EXTRACTED MATERIAL
□ □ □ □ □ □ □

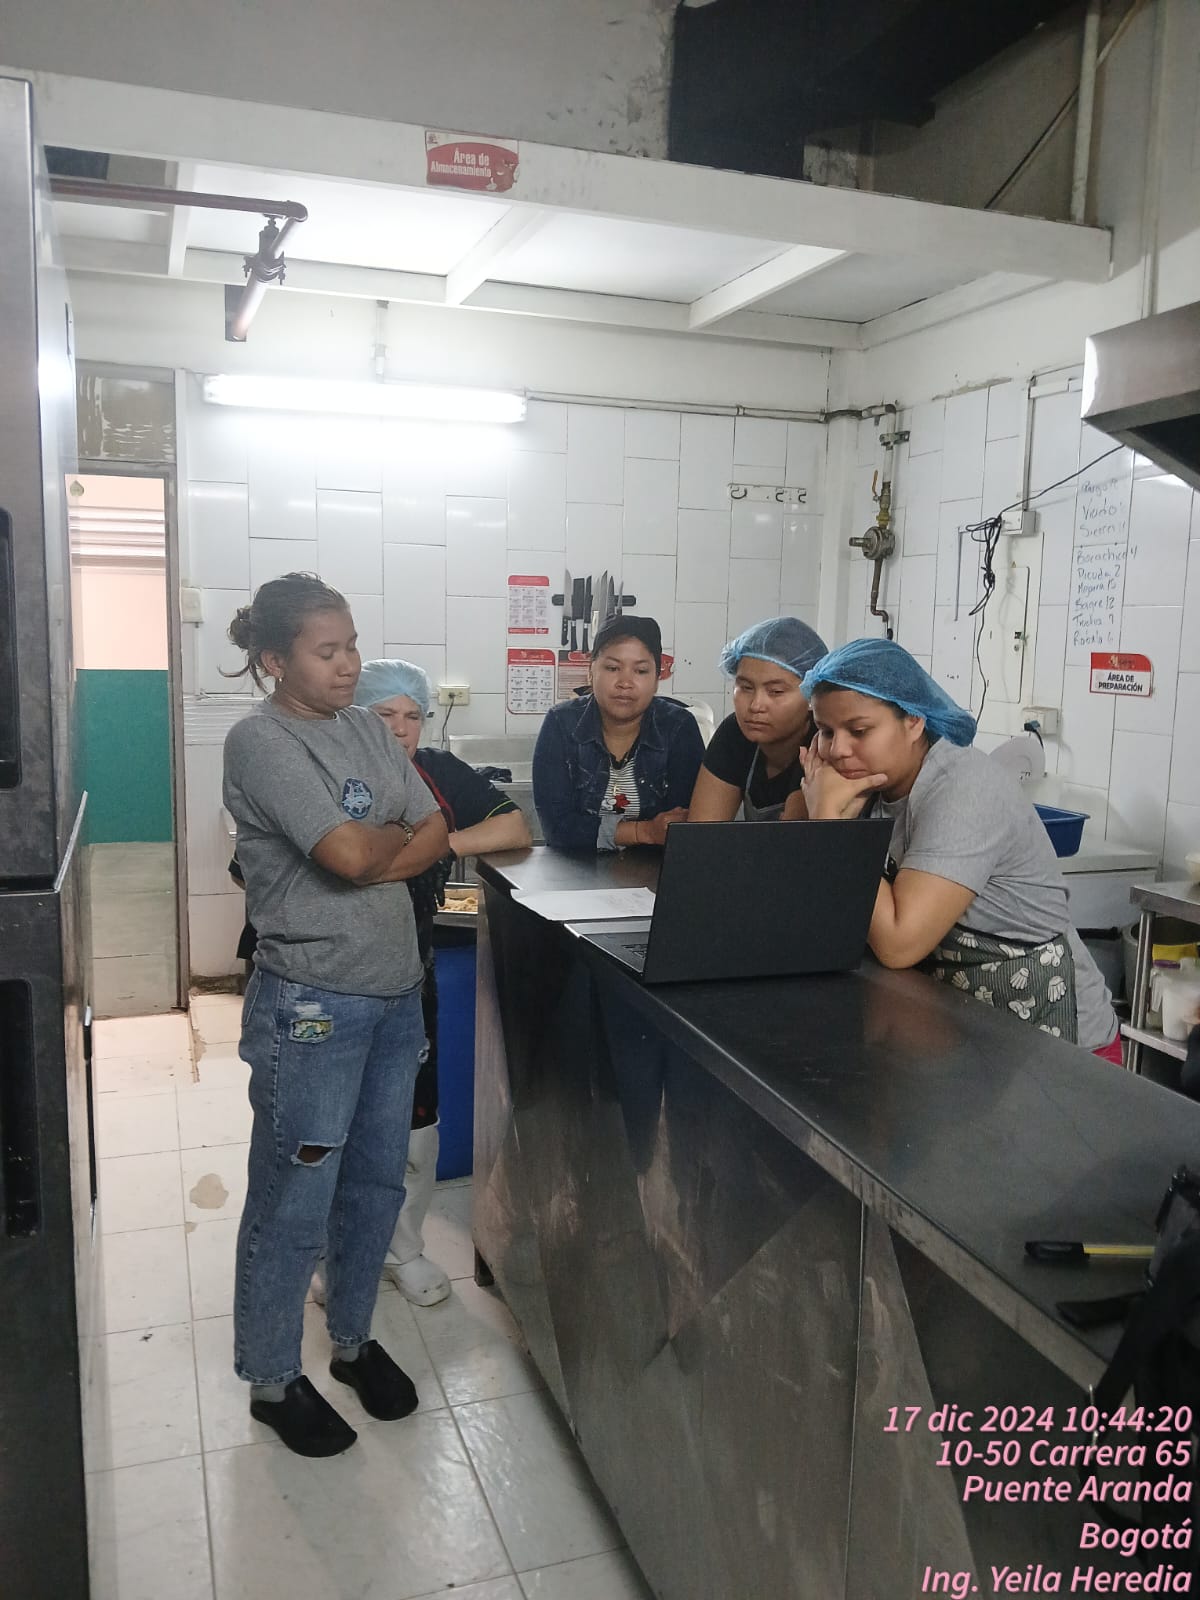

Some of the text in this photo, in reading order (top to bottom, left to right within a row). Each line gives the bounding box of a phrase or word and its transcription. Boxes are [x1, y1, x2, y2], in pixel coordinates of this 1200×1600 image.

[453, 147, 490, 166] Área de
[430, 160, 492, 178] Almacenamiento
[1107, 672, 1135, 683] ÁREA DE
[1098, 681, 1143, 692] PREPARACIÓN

□ □ □ □ □ □ □

WHAT IS REQUIRED
Would you retype the material exactly, omitting each picture?

EXPECTED ANSWER
Some of the text in this photo, in reading order (top to bottom, left to right within a row). Each line gives the bounding box of a phrase or word and its transcription. Boxes are [x1, y1, x2, y2], in pixel coordinates of this 1200×1600 image.

[453, 147, 490, 166] Área de
[430, 160, 492, 178] Almacenamiento
[1107, 672, 1135, 683] ÁREA DE
[1098, 681, 1143, 692] PREPARACIÓN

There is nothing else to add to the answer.